Hornoes \( \lambda^{2} x+2 y=\lambda+2 \) \( 2 \lambda x+\lambda y=2 \lambda \)

To solve the system of equations given by: 1. \( \lambda^{2} x + 2y = \lambda + 2 \) (Equation 1) 2. \( 2\lambda x + \lambda y = 2\lambda \) (Equation 2) we can express the equations in a more manageable form. ### Step 1: Rearranging the equations From Equation 1, we can express \( y \) in terms of \( x \): \[ 2y = \lambda + 2 - \lambda^{2} x \] \[ y = \frac{\lambda + 2 - \lambda^{2} x}{2} \tag{3} \] From Equation 2, we can express \( y \) in terms of \( x \): \[ \lambda y = 2\lambda - 2\lambda x \] \[ y = \frac{2\lambda - 2\lambda x}{\lambda} \quad (\lambda \neq 0) \] \[ y = 2 - 2x \tag{4} \] ### Step 2: Setting the expressions for \( y \) equal Now we can set the two expressions for \( y \) from Equations (3) and (4) equal to each other: \[ \frac{\lambda + 2 - \lambda^{2} x}{2} = 2 - 2x \] ### Step 3: Clearing the fraction Multiply both sides by 2 to eliminate the fraction: \[ \lambda + 2 - \lambda^{2} x = 4 - 4x \] ### Step 4: Rearranging the equation Rearranging gives: \[ \lambda^{2} x - 4x = 4 - (\lambda + 2) \] \[ (\lambda^{2} - 4)x = 2 - \lambda \] ### Step 5: Solving for \( x \) Assuming \( \lambda^{2} - 4 \neq 0 \): \[ x = \frac{2 - \lambda}{\lambda^{2} - 4} \tag{5} \] ### Step 6: Finding \( y \) Now substitute \( x \) back into either expression for \( y \).
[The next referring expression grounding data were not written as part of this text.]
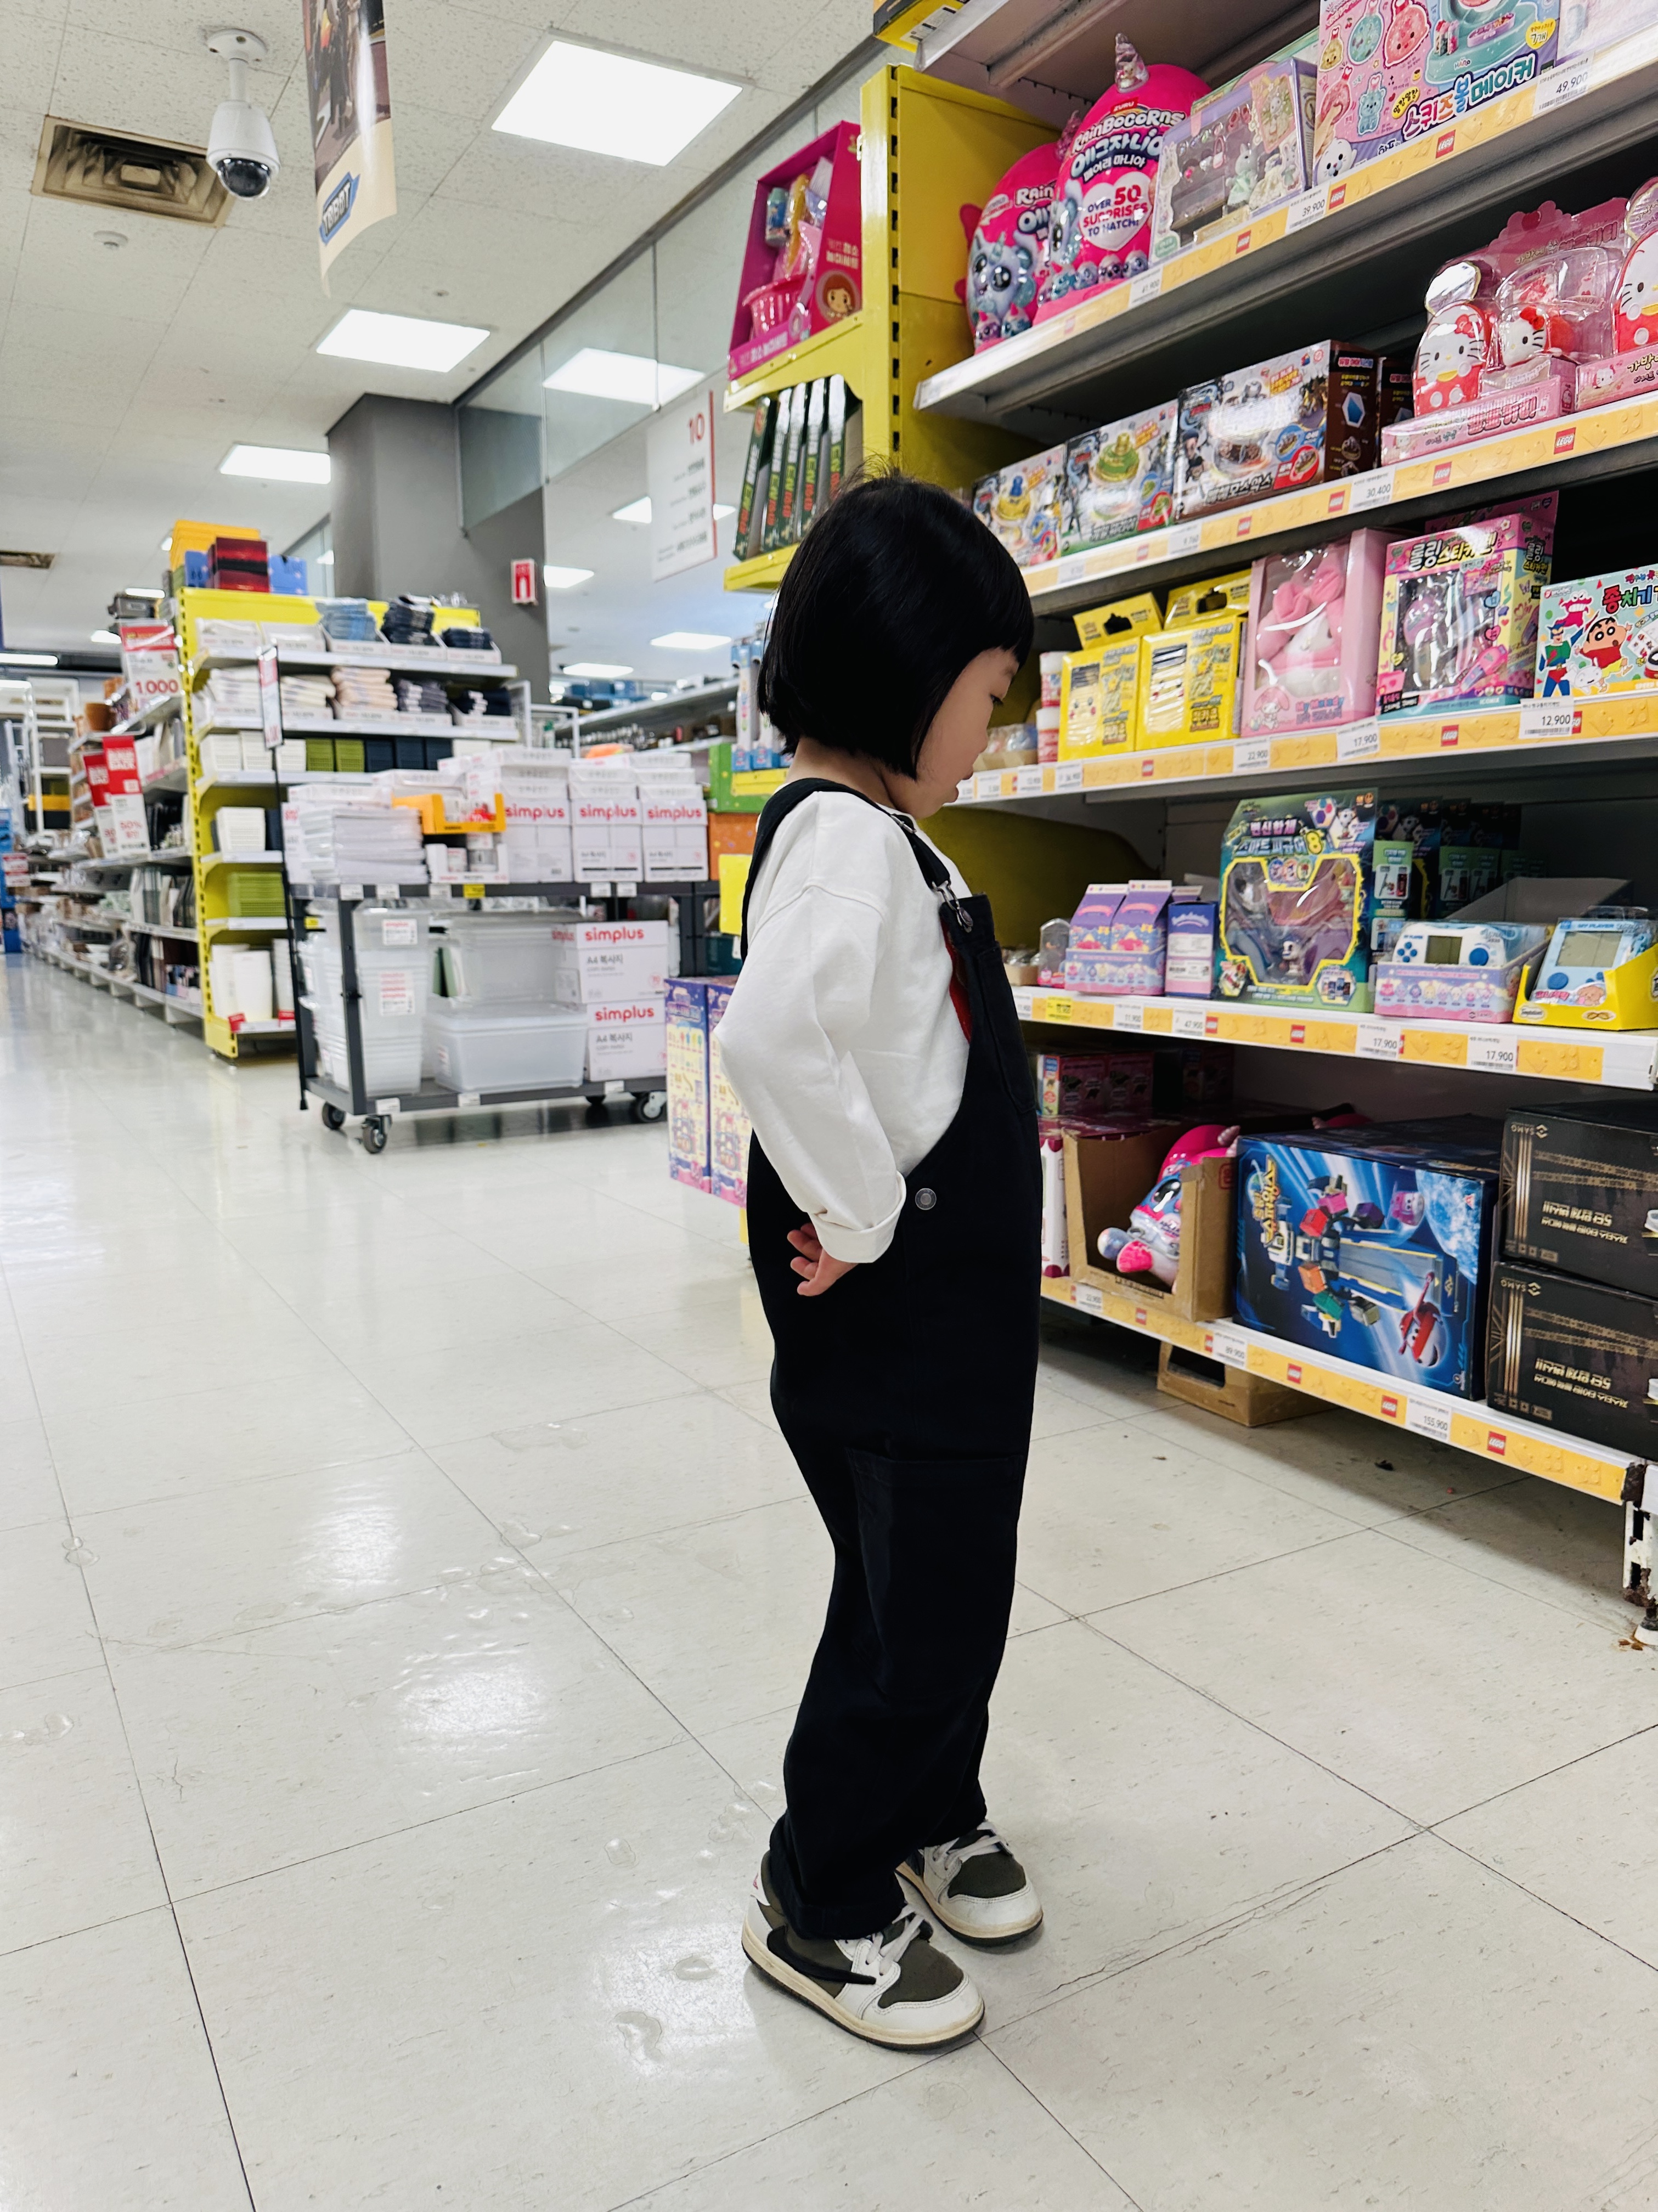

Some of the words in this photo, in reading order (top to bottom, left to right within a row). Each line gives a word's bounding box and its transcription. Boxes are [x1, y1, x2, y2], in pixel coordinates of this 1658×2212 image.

[1471, 56, 1533, 103] 메이커
[1556, 72, 1588, 93] 49,900
[1113, 101, 1135, 111] ZURU
[1438, 137, 1454, 151] LEGO
[1087, 197, 1111, 213] OVER
[1114, 184, 1141, 205] 50
[1083, 202, 1148, 228] SURPRISES
[1302, 199, 1326, 217] 39,900
[1088, 225, 1100, 237] TO
[687, 413, 706, 445] 10
[1556, 433, 1574, 447] LEGO
[1434, 468, 1450, 480] LEGO
[1367, 483, 1391, 499] 30,400
[1525, 541, 1544, 562] 롤링
[1601, 584, 1653, 615] 종치기
[1541, 714, 1571, 726] 12,900
[1442, 731, 1458, 740] LEGO
[579, 804, 638, 820] simplus
[647, 805, 702, 821] simplus
[1305, 831, 1322, 854] 8
[585, 927, 644, 944] simplus
[595, 1004, 655, 1022] simplus
[1373, 1037, 1397, 1049] 17,900
[1486, 1050, 1514, 1062] 17,900
[1423, 1415, 1448, 1431] 155,900
[1488, 1438, 1505, 1449] LEGO
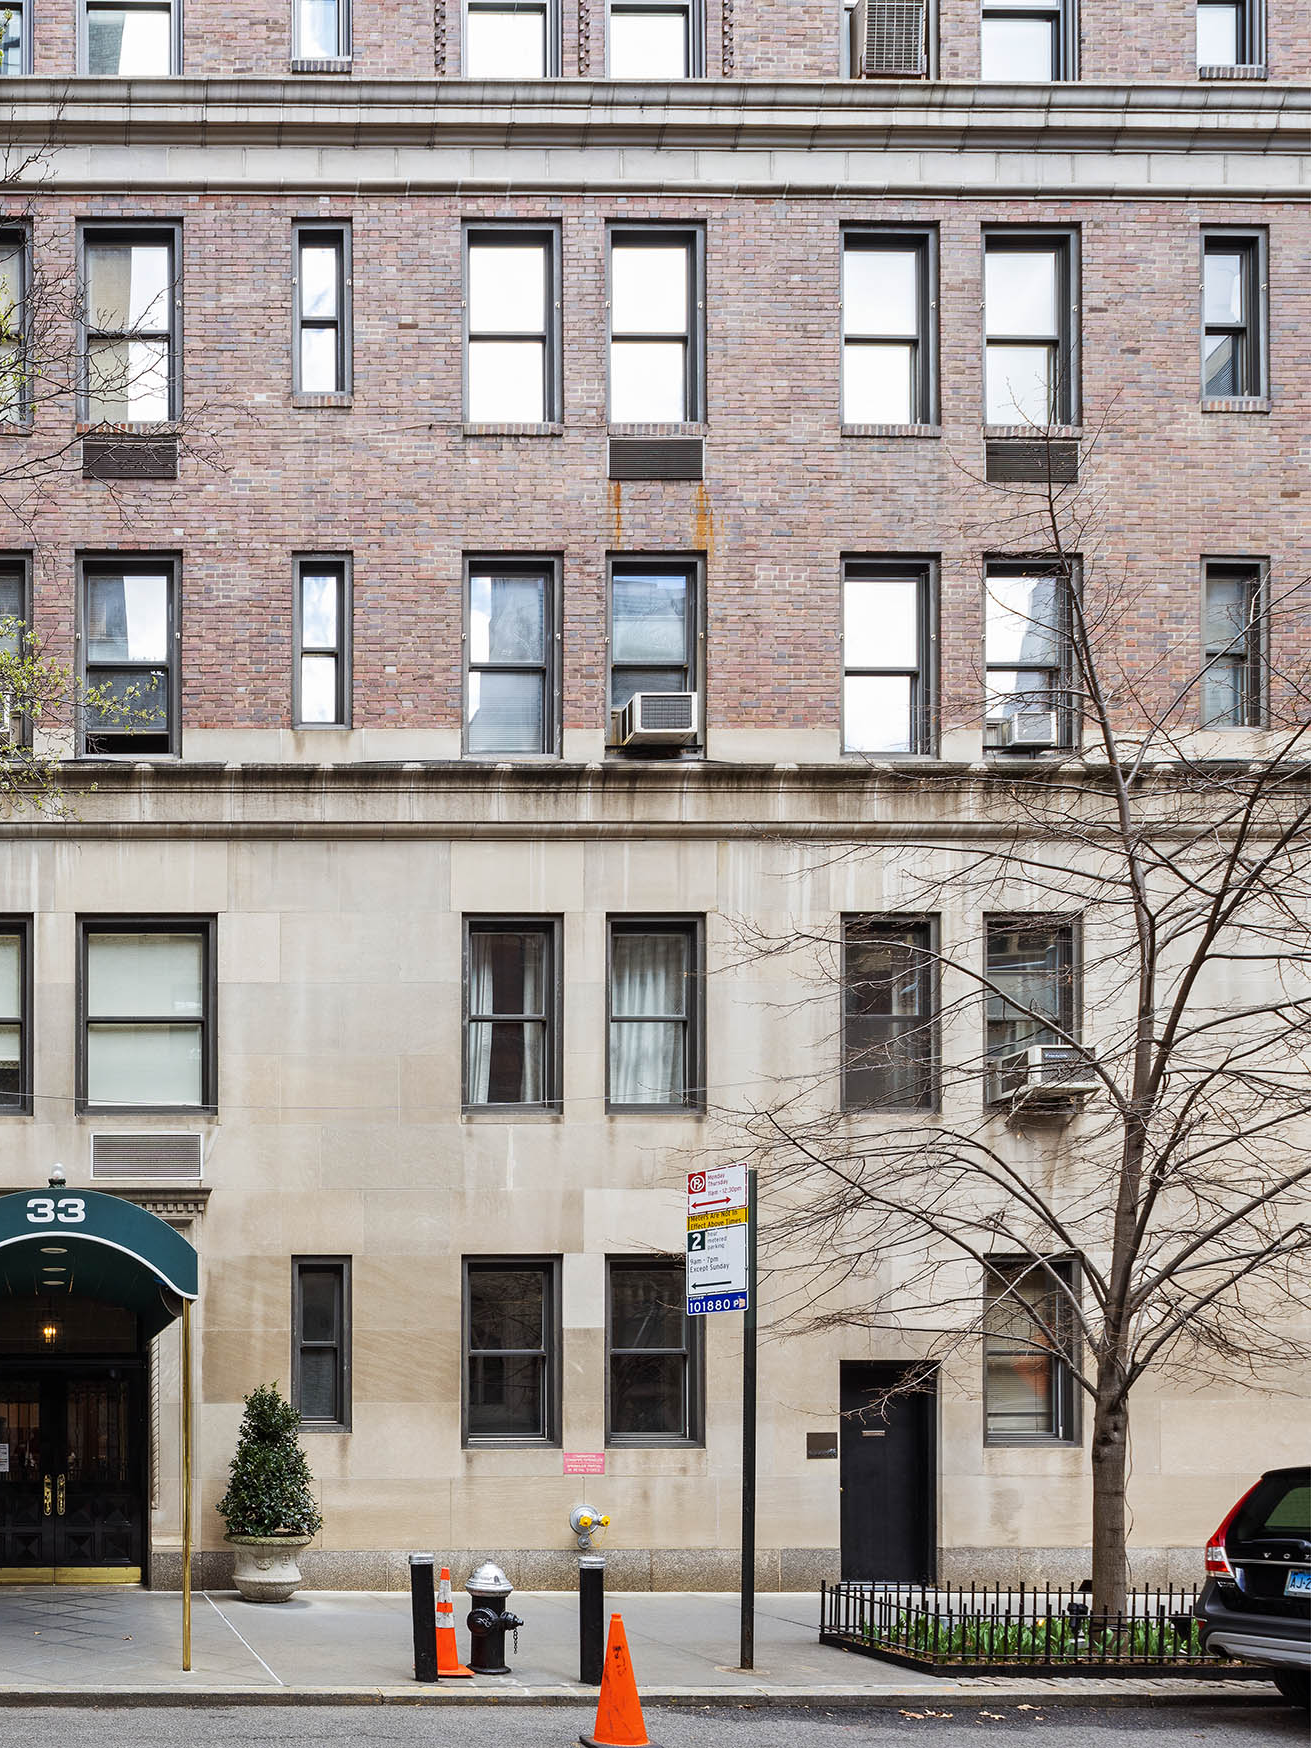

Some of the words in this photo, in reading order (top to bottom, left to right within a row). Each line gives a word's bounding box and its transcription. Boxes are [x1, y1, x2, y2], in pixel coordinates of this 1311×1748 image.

Using Equation (4): \[ y = 2 - 2\left(\frac{2 - \lambda}{\lambda^{2} - 4}\right) \] \[ y = 2 - \frac{4 - 2\lambda}{\lambda^{2} - 4} \] \[ y = \frac{2(\lambda^{2} - 4) - (4 - 2\lambda)}{\lambda^{2} - 4} \] \[ y = \frac{2\lambda^{2} - 8 - 4 + 2\lambda}{\lambda^{2} - 4} \] \[ y = \frac{2\lambda^{2} + 2\lambda - 12}{\lambda^{2} - 4} \] ### Summary of the solution Thus, the solutions for \( x \) and \( y \) in terms of \( \lambda \) are: \[ x = \frac{2 - \lambda}{\lambda^{2} - 4} \] \[ y = \frac{2\lambda^{2} + 2\lambda - 12}{\lambda^{2} - 4} \] ### Special Cases 1. If \( \lambda^{2} - 4 = 0 \) (i.e., \( \lambda = 2 \) or \( \lambda = -2 \)), we need to check the original equations for consistency. 2. If \( \lambda = 2 \): - Both equations become \( 4x + 2y = 4 \) and \( 4x + 2y = 4 \), which are consistent. 3. If \( \lambda = -2 \): - Both equations become \( 4x + 2y = 0 \) and \( -4x - 2y = -4 \), which are also consistent. Thus, the solution is valid for all \( \lambda \) except \( \lambda = 2 \) and \( \lambda = -2 \) where we have consistent solutions.